Arquivo da tag: performance

Lemebel e a crônica

Lemebel e a crônica - imagemPedro Lemebel.

Por Eder Porto

“Ligada ao tempo (chrónos), ou melhor, ao seu tempo, a crônica o atravessa por ser um registro poético e muitas vezes irônico, através do que se capta o imaginário coletivo em suas manifestações cotidianas. Polimórfica, ela se utiliza afetivamente do diálogo, do monólogo, da alegoria, da confissão, da entrevista, do verso, da resenha, de personalidades reais, de personagens ficcionais…, afastando-se sempre da mera reprodução dos fatos. E, enquanto literatura, ela capta poeticamente o instante, perenizando-o”.

Considerando a descrição de Angélica Soares (2007), podemos considerar a crônica um gênero fronteiriço.:

Em geral, o que se observa é que a crônica se desloca na fronteira do jornalismo estilizado e da literatura referencialista, enraizando o seu discurso na urbanidade moderna. Centra sua força contingente no instante e no fragmento para dar conta de toda a diagramação “periódica” da urbe, em crise com seus significados e carente de novos significantes e possibilidades de representação.

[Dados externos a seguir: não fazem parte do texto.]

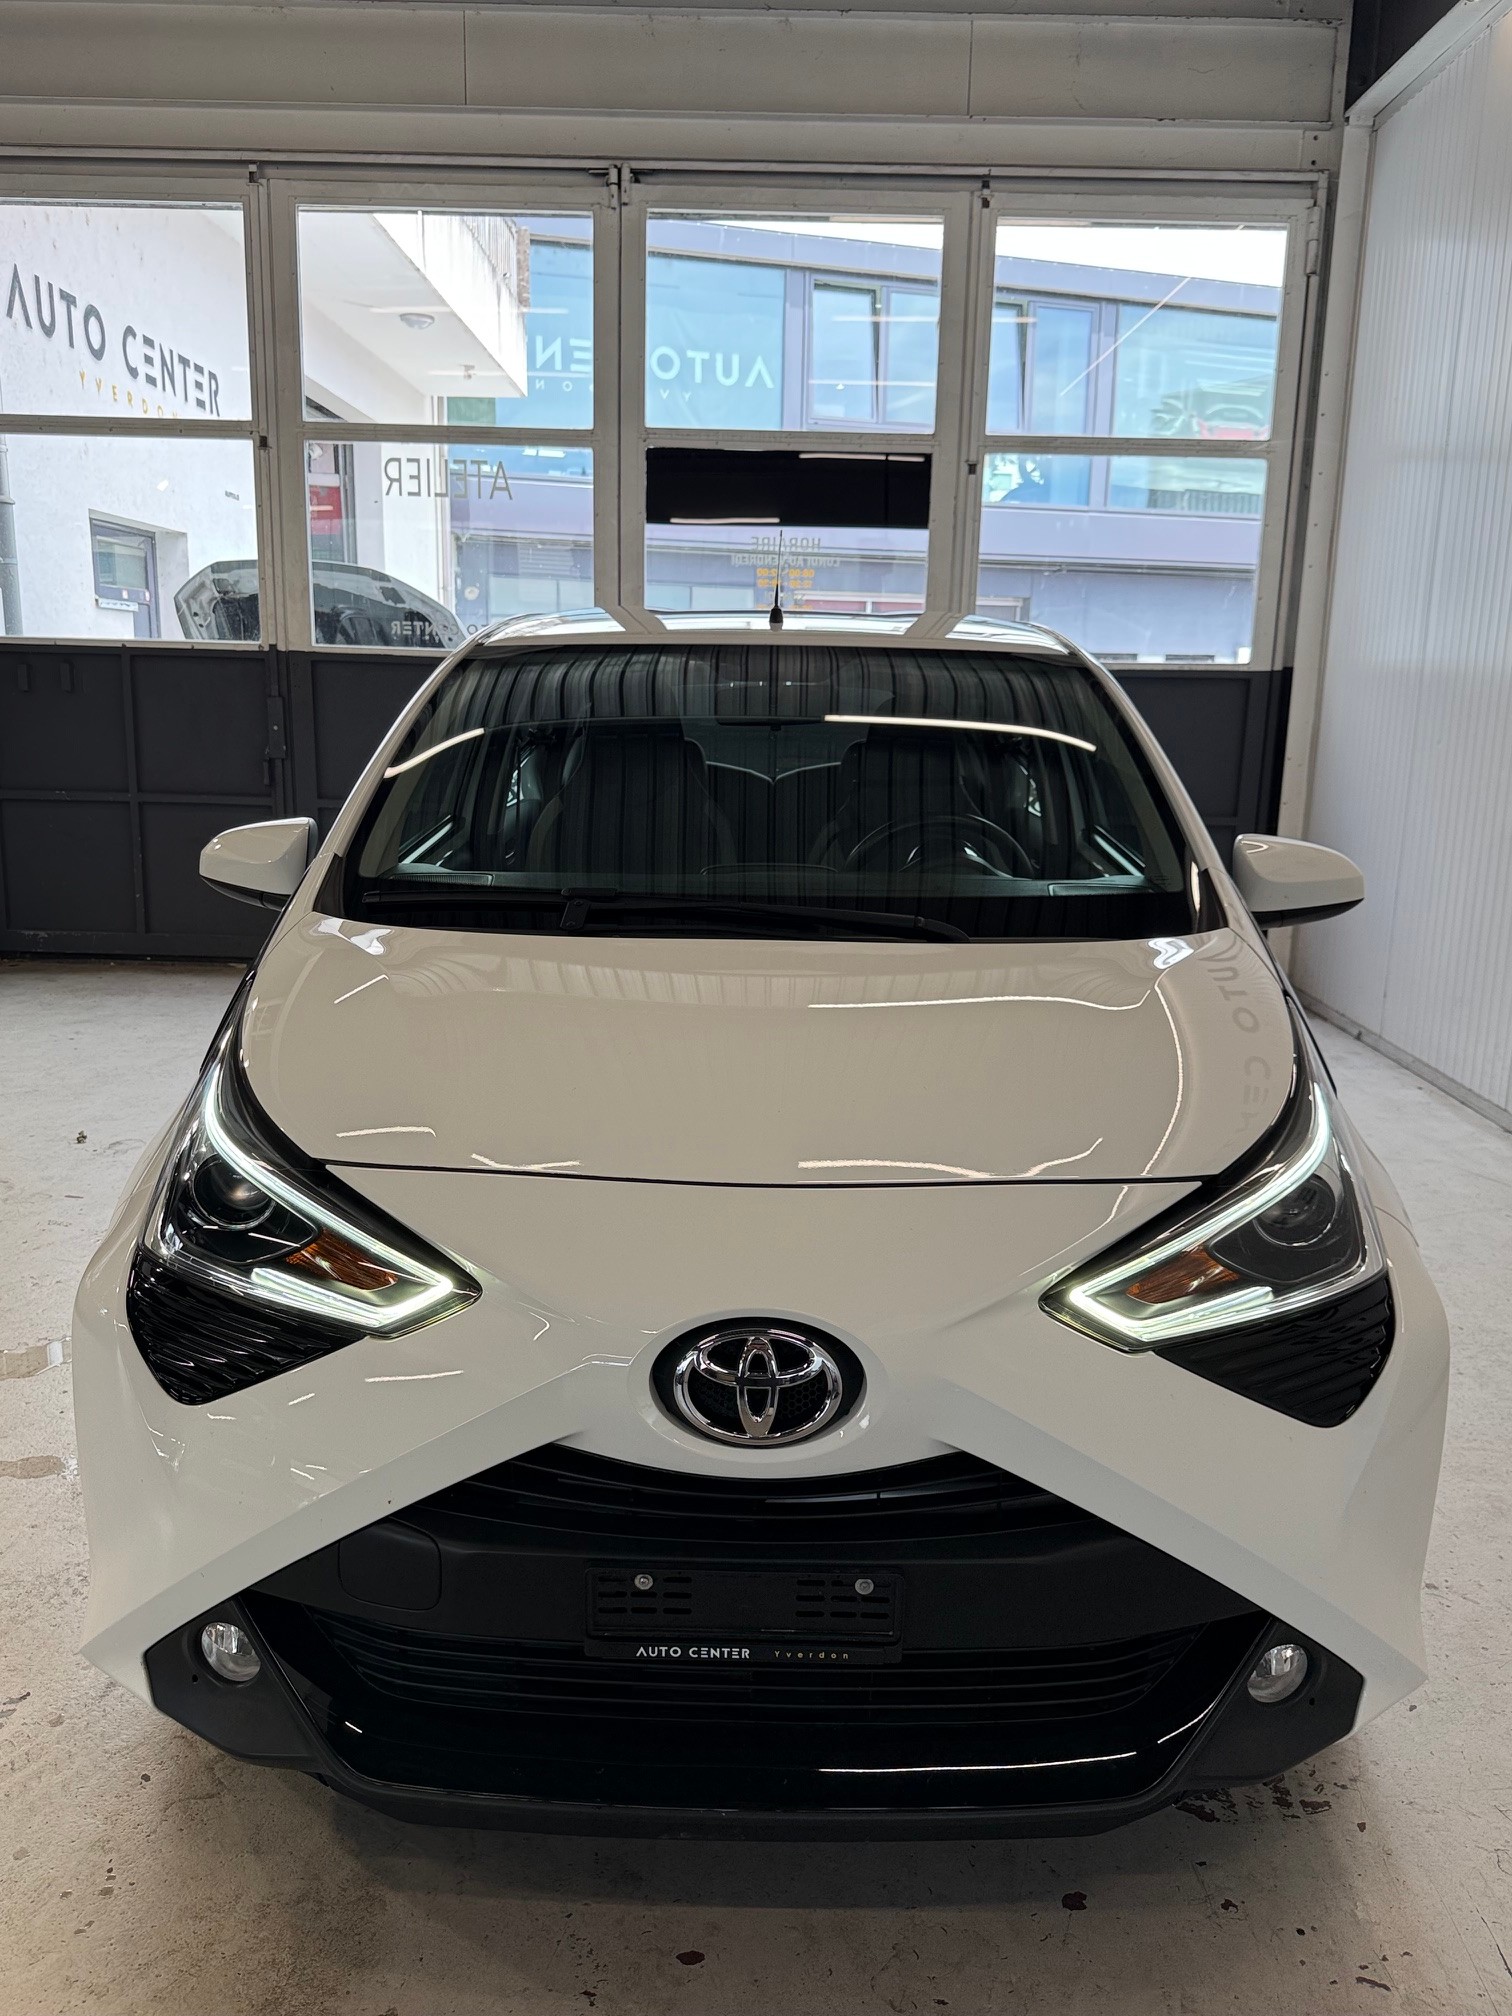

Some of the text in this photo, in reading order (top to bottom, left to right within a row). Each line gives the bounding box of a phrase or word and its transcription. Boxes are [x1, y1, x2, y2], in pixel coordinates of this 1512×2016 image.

Pedro Lemebel, escritor chileno performativo, chama a maioria de seus escritos de crônica:

“Eu digo crônica por ter que chamar de alguma coisa, talvez porque não queira delimitar ou cercar meus retalhos escriturais com uma receita que imobilize minha pluma ou a assinale uma categoria literária. Posso querer definir o que faço como um caleidoscópio oscilante, onde cabem todos os gêneros ou subgêneros que possibilitem uma estratégia de escrita, como a biografia, a carta, o testemunho, a canção popular, a oralidade, etc. . Acho que escolhi a escrita pelas distintas possibilidades que me oferece de inventar. Para dizer em linguagem travesti, é como ter o guarda-roupa da Lady Die no computador”.

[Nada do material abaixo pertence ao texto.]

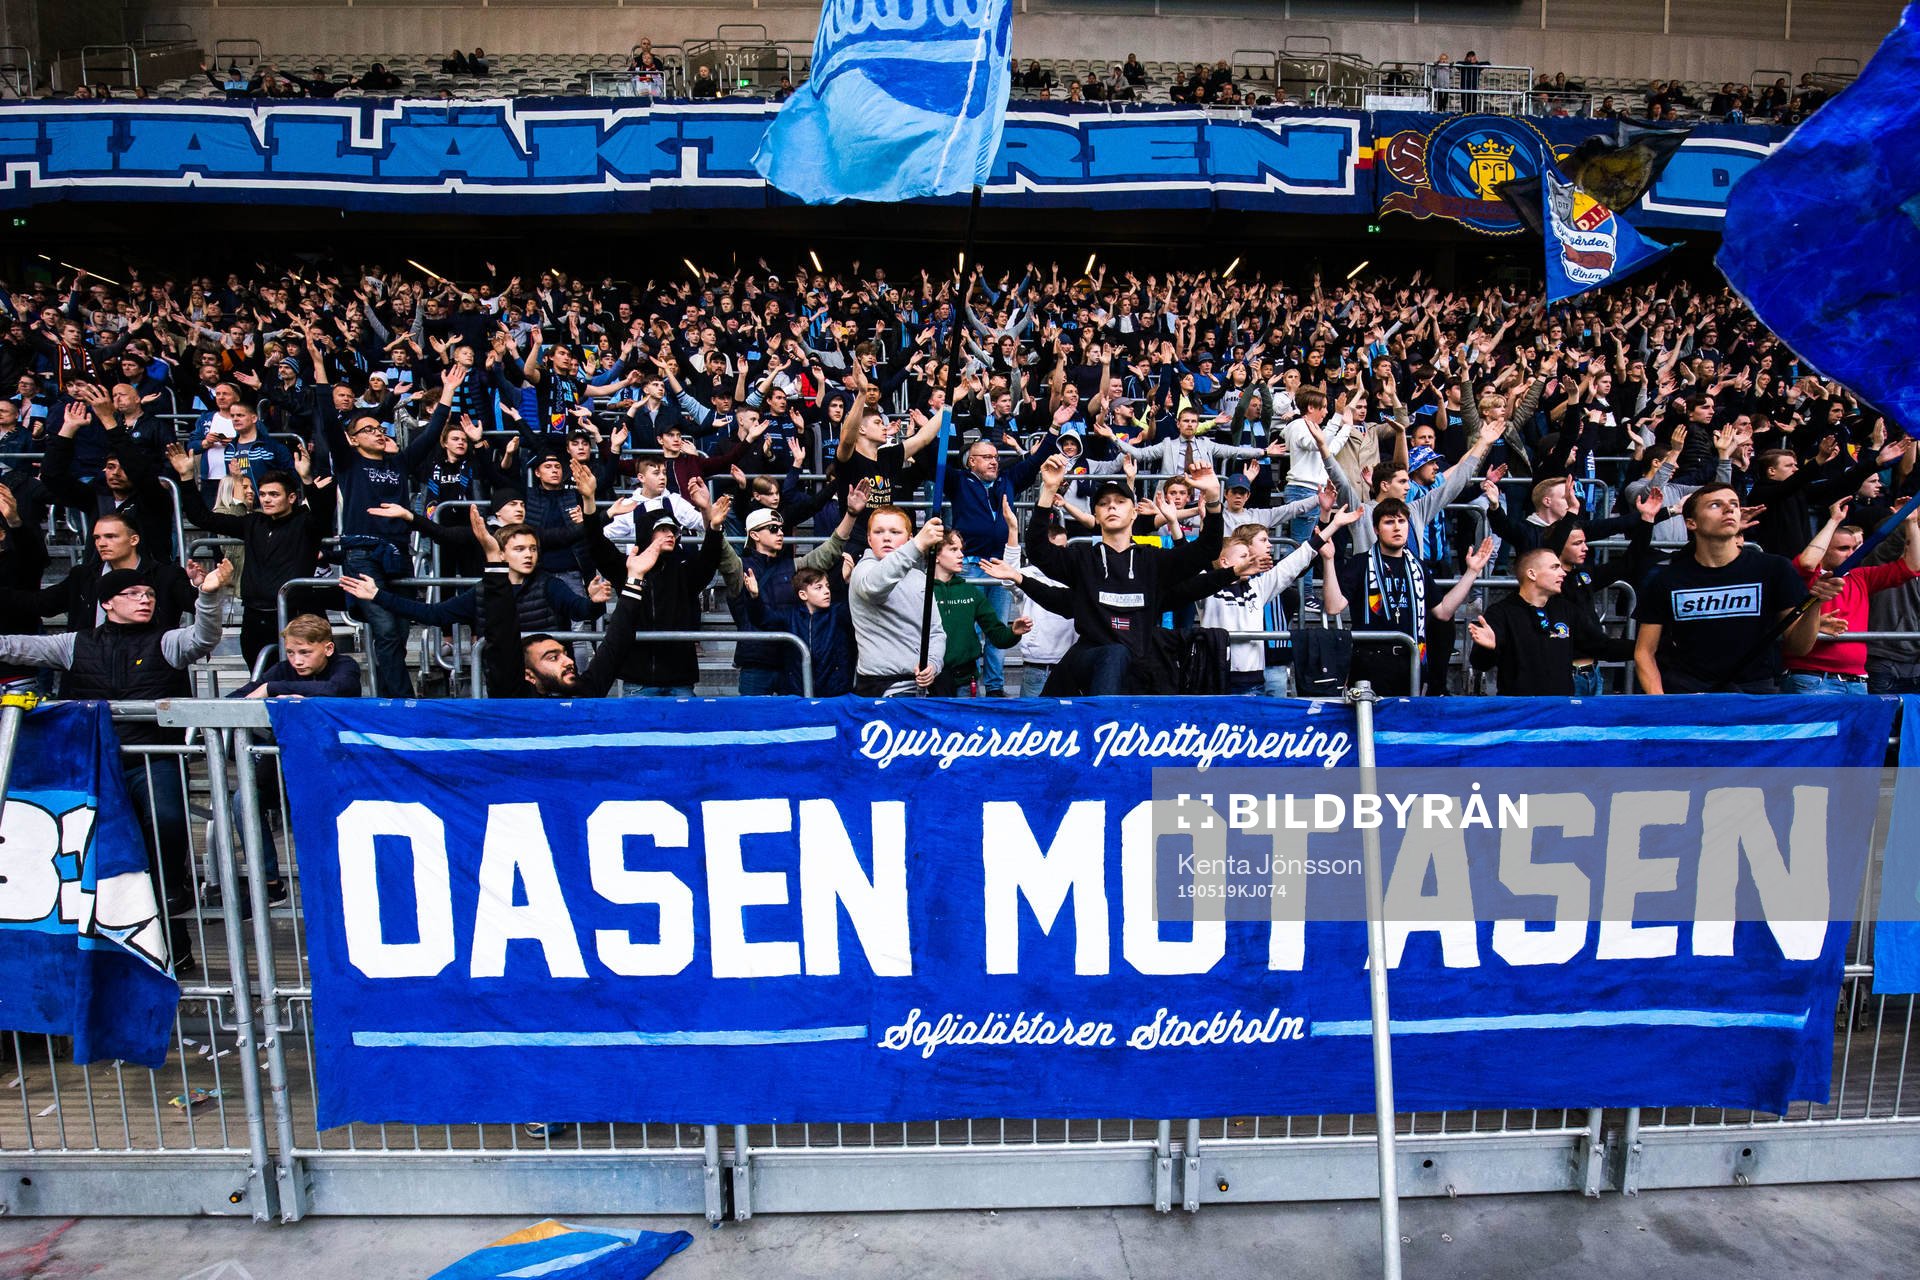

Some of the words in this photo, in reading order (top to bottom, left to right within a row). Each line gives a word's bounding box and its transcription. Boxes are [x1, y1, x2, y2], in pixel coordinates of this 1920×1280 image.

Podemos conectar essa espécie de amorfia que caracteriza a crônica e, mais especificamente, a crônica escrita por Pedro Lemebel com as reflexões empreendidas por Julio Ramos no seu livro Desencuentros de la Modernidad en América Latina. Aí, o crítico observa o contexto de surgimento da crônica moderna e afirma que o gênero estabeleceu novos padrões de criação para Literatura. Na crônica de Lemebel, por exemplo, pode-se observar a justaposição fragmentária dos despojos capitalistas na percepção do caos citadino, tal como realça Ramos em sua argumentação. Nas crônicas de Lemebel, é fácil perceber a presença de personagens empurrados para as margens, que desafiam a ordem estético-moral de uma fantasiosa integridade urbana. Também é possível vislumbrar uma representação da cidade que quer virar pelo avesso a lógica do consumo e do mercado – uma “retórica da vitrine” que insiste em expôr o que não tem valor ou que não é passível de ser exibido, segundo os critérios daquela mesma lógica-, constituindo-se o narrador a partir de uma atitude flaneur e convidando o leitor a olhar Santiago a partir dos seus espectros socialmente obliterados.

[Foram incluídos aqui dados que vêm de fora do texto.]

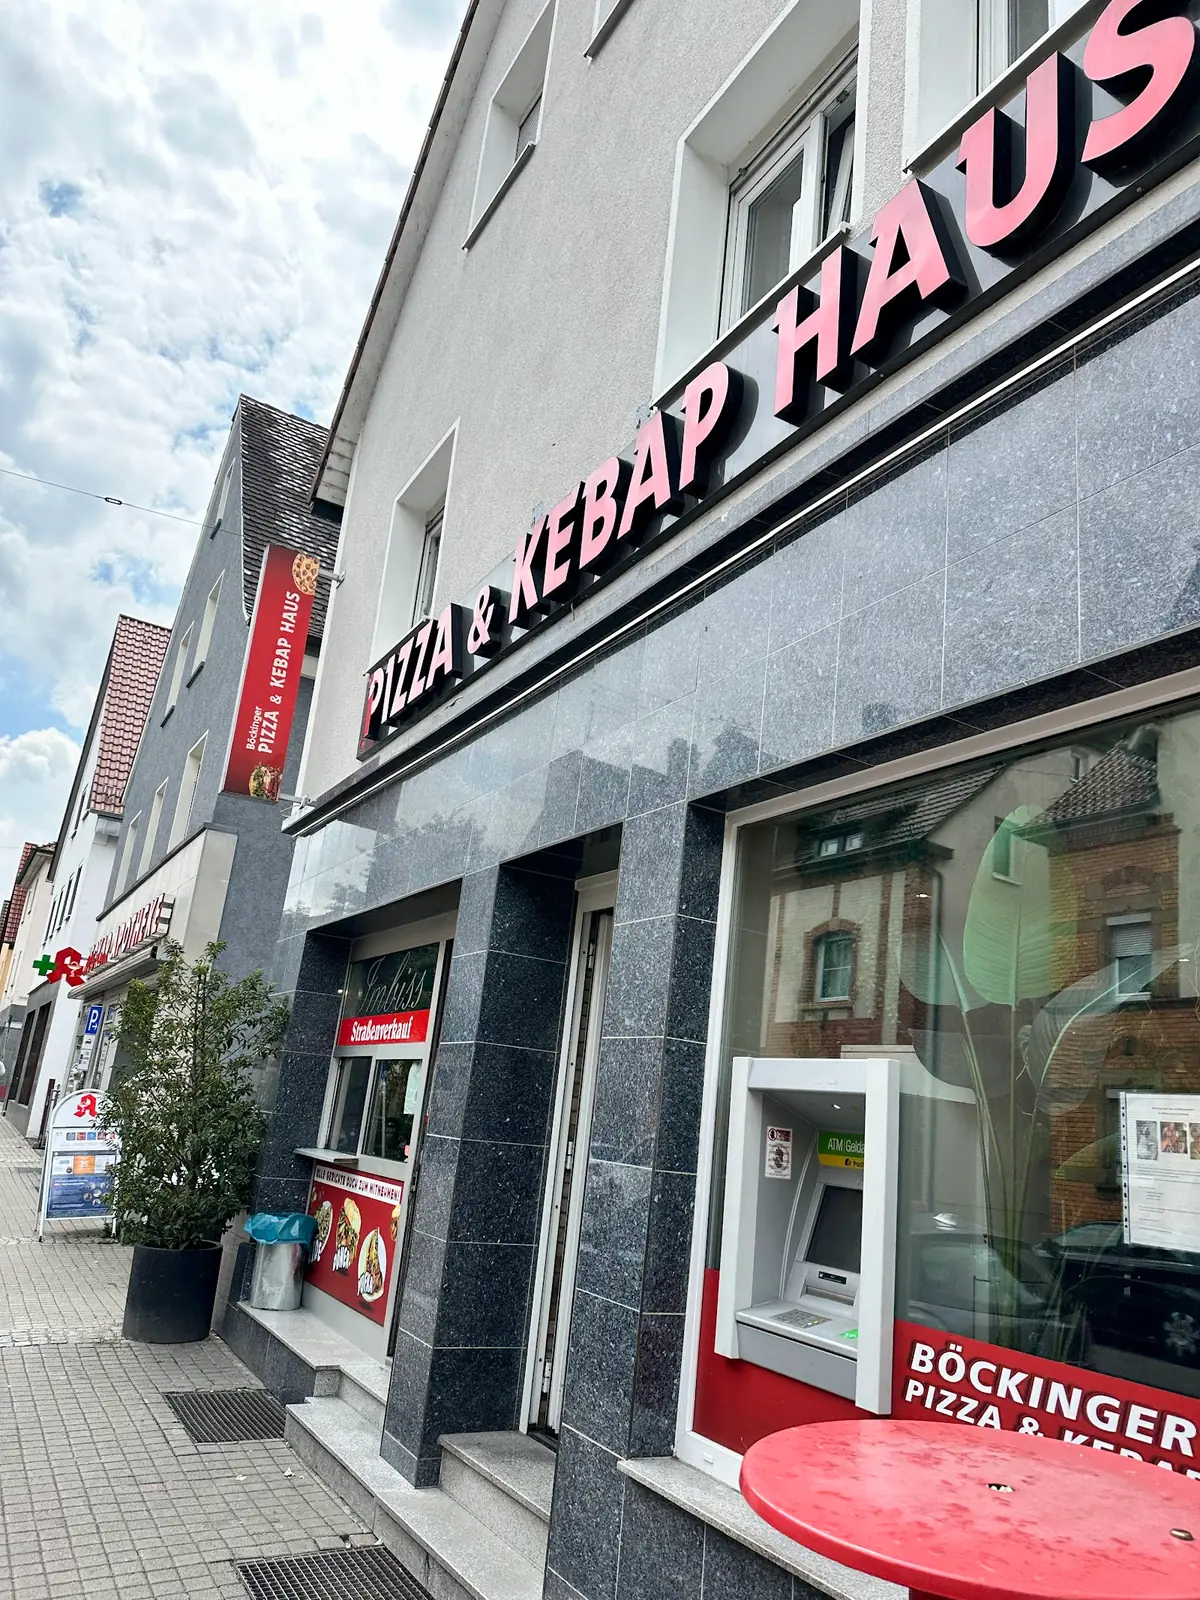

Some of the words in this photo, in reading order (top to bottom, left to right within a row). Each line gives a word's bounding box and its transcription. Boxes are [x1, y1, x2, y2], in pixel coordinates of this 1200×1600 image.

[363, 602, 453, 738] PIZZA
[467, 585, 494, 655] &
[508, 361, 729, 625] KEBAP
[772, 0, 1196, 417] HAUS
[280, 591, 300, 633] HAUS
[270, 637, 292, 688] KEBAP
[270, 694, 282, 705] &
[246, 706, 262, 750] Böckinger
[258, 711, 280, 753] PIZZA
[357, 951, 427, 1015] Imbiss
[350, 1016, 413, 1042] Straßenverkauf
[828, 1137, 843, 1152] ATM
[845, 1139, 865, 1154] Gelda
[905, 1379, 1001, 1430] PIZZA
[910, 1342, 1198, 1458] BÖCKINGER

Abaixo, segue um trecho traduzido por mim da crônica “La loca del carrito (o el trazo casual de un peregrino frenesí)”. Aí podemos perceber que a maleabilidade do gênero acopla-se ao olhar escrutinador do narrador, atiçando a atenção do leitor:

“Ali, pela rua Lira, Carmen ou Portugal, perto do antes glorioso bairro de prostituição travesti San Camilo, sua silhueta desmantelada desequilibra a lógica do apressado transeunte em hora de almoço. Ou melhor, é um reflexo onde o olhar do bom cidadão desconhece com rubor, na desordem de sua peregrina paródia sexual. A bicha do carrinho conduz o seu bote de supermercado colecionando cacarecos que Santiago dejeta em sua flamante modernidade. Por aí agarra uma boneca sem braço, a veste com ternura, pondo-a em sua barca rodoviária. Por aquí se encanta por trapo desfiado que recicla como lenço de cabeça. Com o paninho amarrado em seu queijo sem barbear, toda uma velhinha camponesa ou uma grotesca Mãe da Praça de Maio, desaparece do fragor do tráfico, deixando seu alucinado delírio como uma estampa irreal que esfumaça entre as buzinas neuróticas do Centro.”